§ **Work item**:
Your task is to give the records again exactly. Leave each picture out.

Collection entries
::::::::::

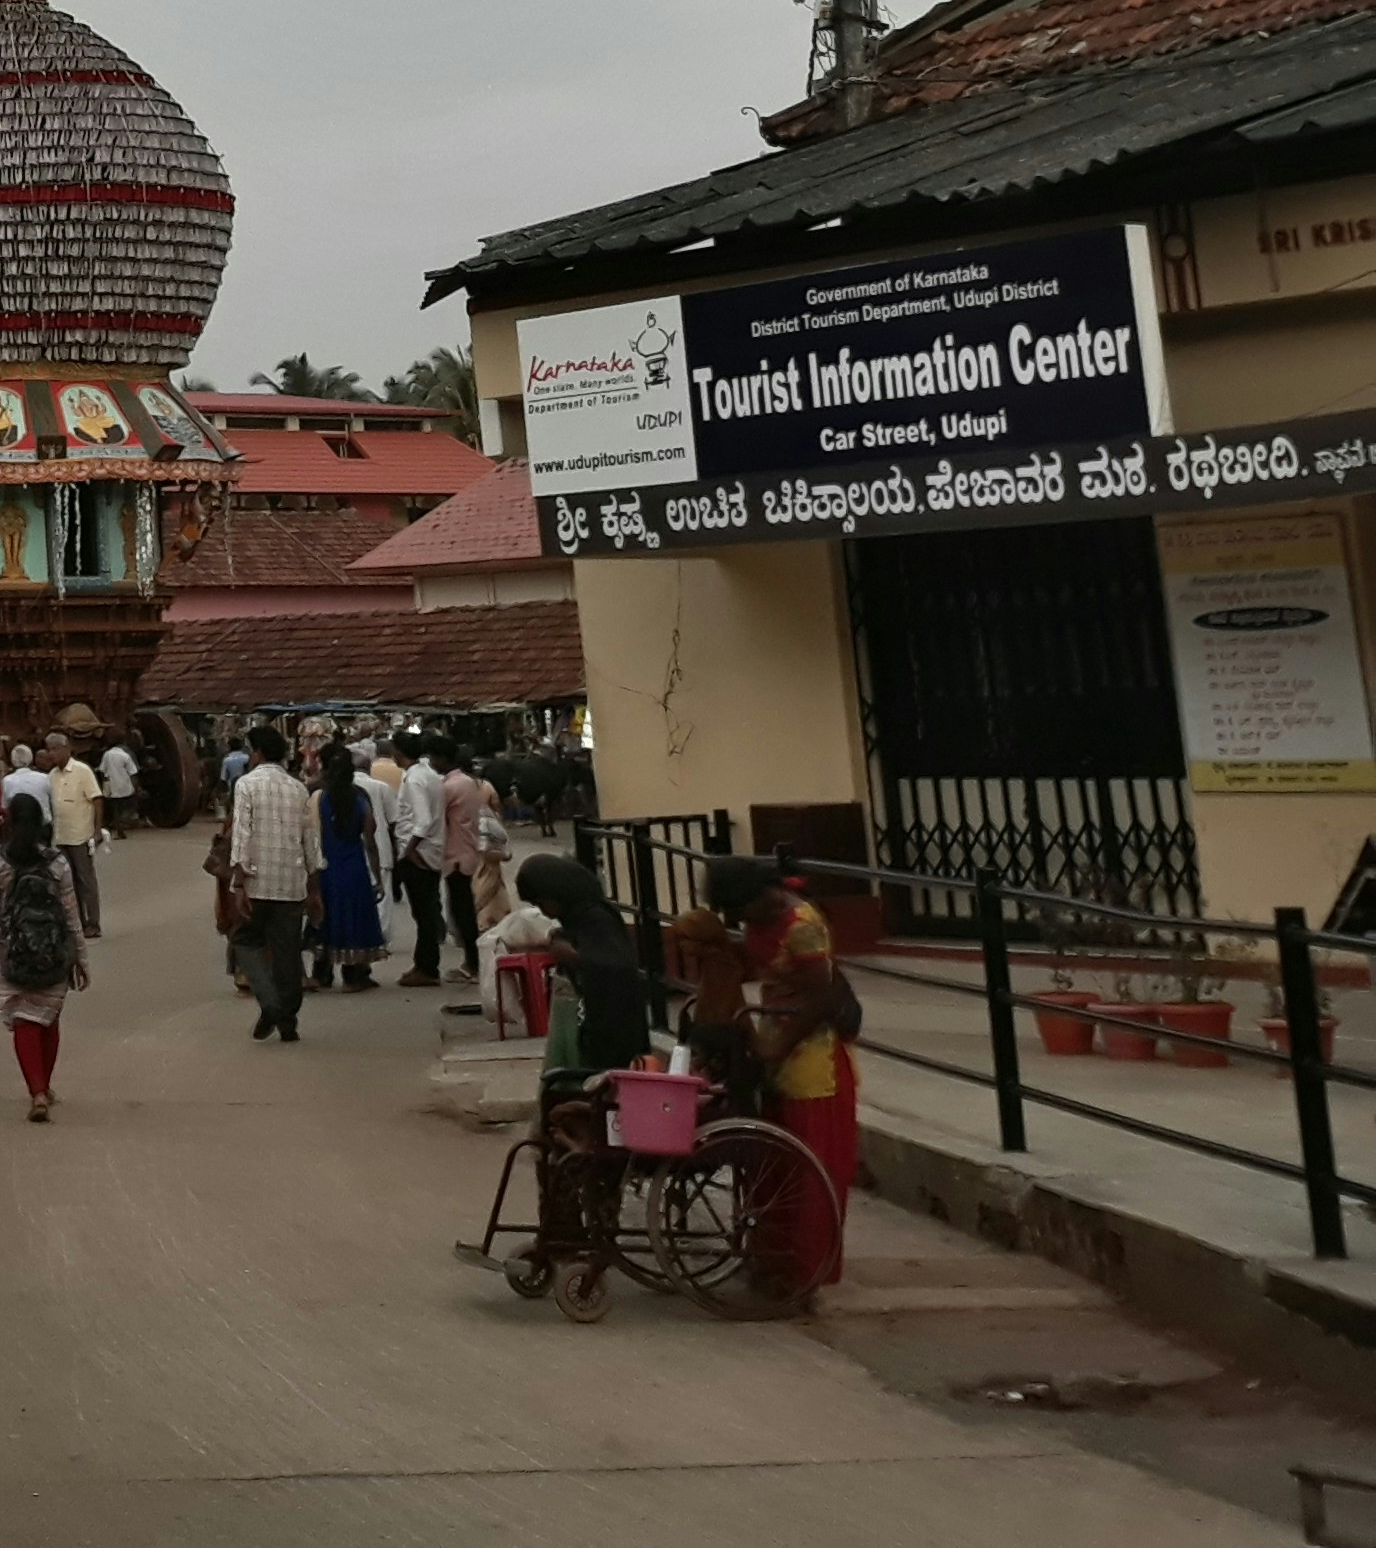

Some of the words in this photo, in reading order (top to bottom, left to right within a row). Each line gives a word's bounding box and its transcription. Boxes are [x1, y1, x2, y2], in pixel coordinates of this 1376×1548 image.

[1311, 218, 1376, 248] KRIS
[806, 279, 891, 305] Government
[895, 274, 910, 292] of
[912, 264, 989, 289] Karnataka
[750, 317, 800, 338] District
[802, 308, 859, 330] Tourism
[862, 295, 950, 323] Department,
[953, 286, 999, 309] Udupi
[1002, 277, 1059, 302] District
[527, 350, 635, 393] Karnataka
[533, 385, 550, 395] One
[579, 379, 603, 390] Many
[692, 356, 803, 422] Tourist
[808, 332, 1002, 409] Information
[1008, 316, 1131, 386] Center
[528, 399, 584, 414] Department
[587, 396, 597, 407] of
[601, 392, 640, 405] Tourism
[636, 410, 682, 431] UDUPI
[819, 427, 856, 452] Car
[861, 416, 936, 449] Street,
[941, 408, 1007, 441] Udupi
[534, 446, 685, 475] www.udupitourism.com
[556, 495, 590, 555] ಶ್ರೀ
[600, 491, 660, 550] ಕೃಷ್ಣ
[666, 481, 748, 532] ಉಚಿತ
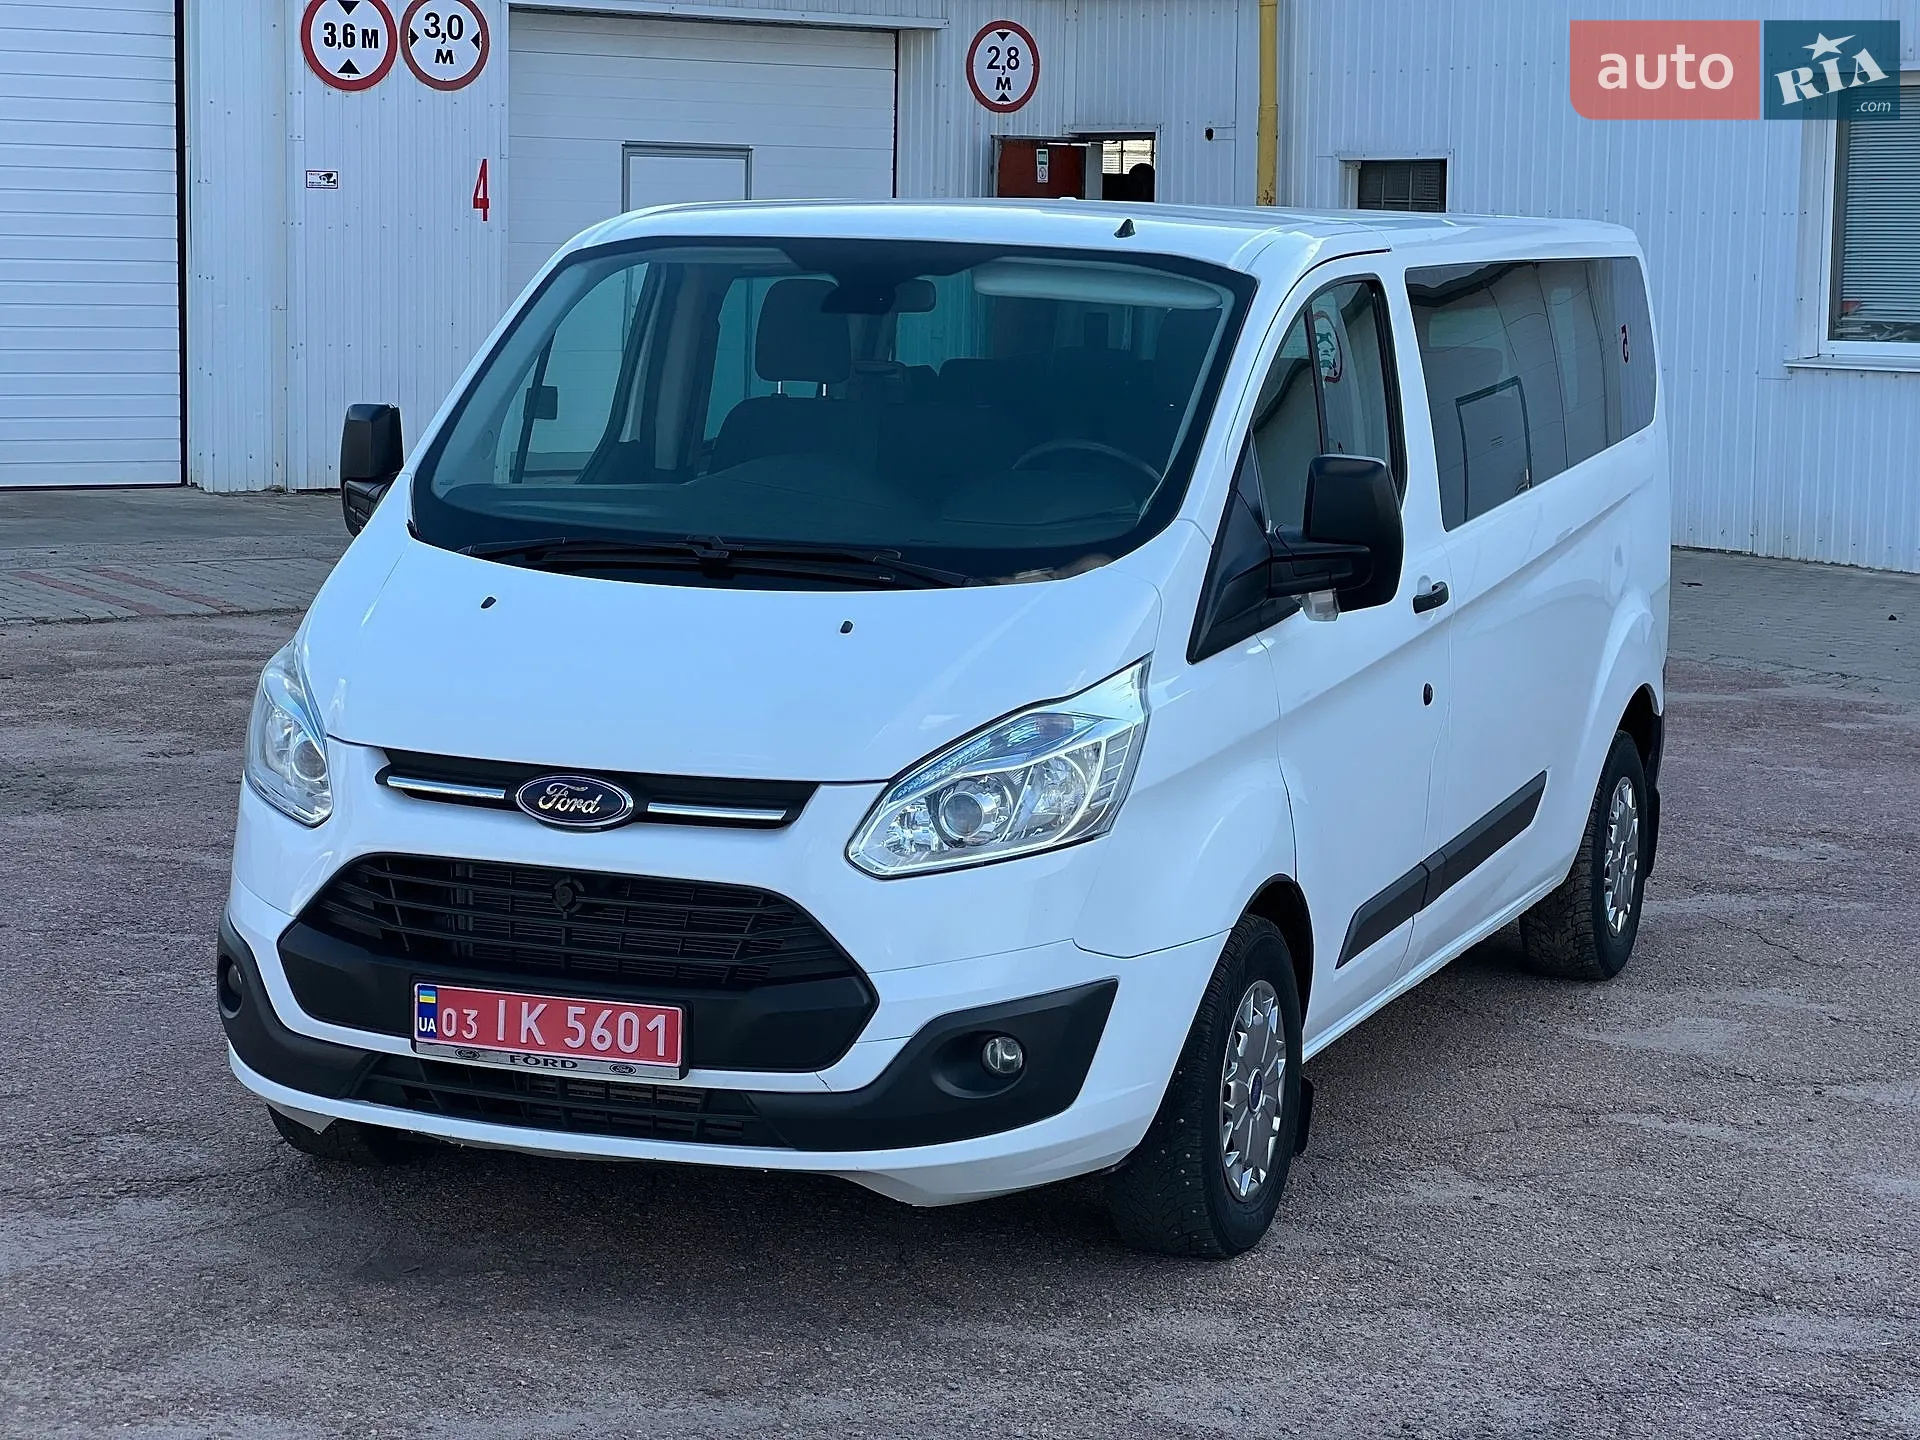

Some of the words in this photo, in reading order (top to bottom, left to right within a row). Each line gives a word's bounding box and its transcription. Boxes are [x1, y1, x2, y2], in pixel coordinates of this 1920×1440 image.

::::::::::

§ **Solution to this problem**:
Some of the words in this photo, in reading order (top to bottom, left to right within a row). Each line gives a word's bounding box and its transcription. Boxes are [x1, y1, x2, y2], in pixel coordinates of this 1376×1548 image.

[1311, 218, 1376, 248] KRIS
[806, 279, 891, 305] Government
[895, 274, 910, 292] of
[912, 264, 989, 289] Karnataka
[750, 317, 800, 338] District
[802, 308, 859, 330] Tourism
[862, 295, 950, 323] Department,
[953, 286, 999, 309] Udupi
[1002, 277, 1059, 302] District
[527, 350, 635, 393] Karnataka
[533, 385, 550, 395] One
[579, 379, 603, 390] Many
[692, 356, 803, 422] Tourist
[808, 332, 1002, 409] Information
[1008, 316, 1131, 386] Center
[528, 399, 584, 414] Department
[587, 396, 597, 407] of
[601, 392, 640, 405] Tourism
[636, 410, 682, 431] UDUPI
[819, 427, 856, 452] Car
[861, 416, 936, 449] Street,
[941, 408, 1007, 441] Udupi
[534, 446, 685, 475] www.udupitourism.com
[556, 495, 590, 555] ಶ್ರೀ
[600, 491, 660, 550] ಕೃಷ್ಣ
[666, 481, 748, 532] ಉಚಿತ

Some of the words in this photo, in reading order (top to bottom, left to right within a row). Each line gives a word's bounding box and its transcription. Boxes are [x1, y1, x2, y2], in pixel coordinates of this 1920×1440 image.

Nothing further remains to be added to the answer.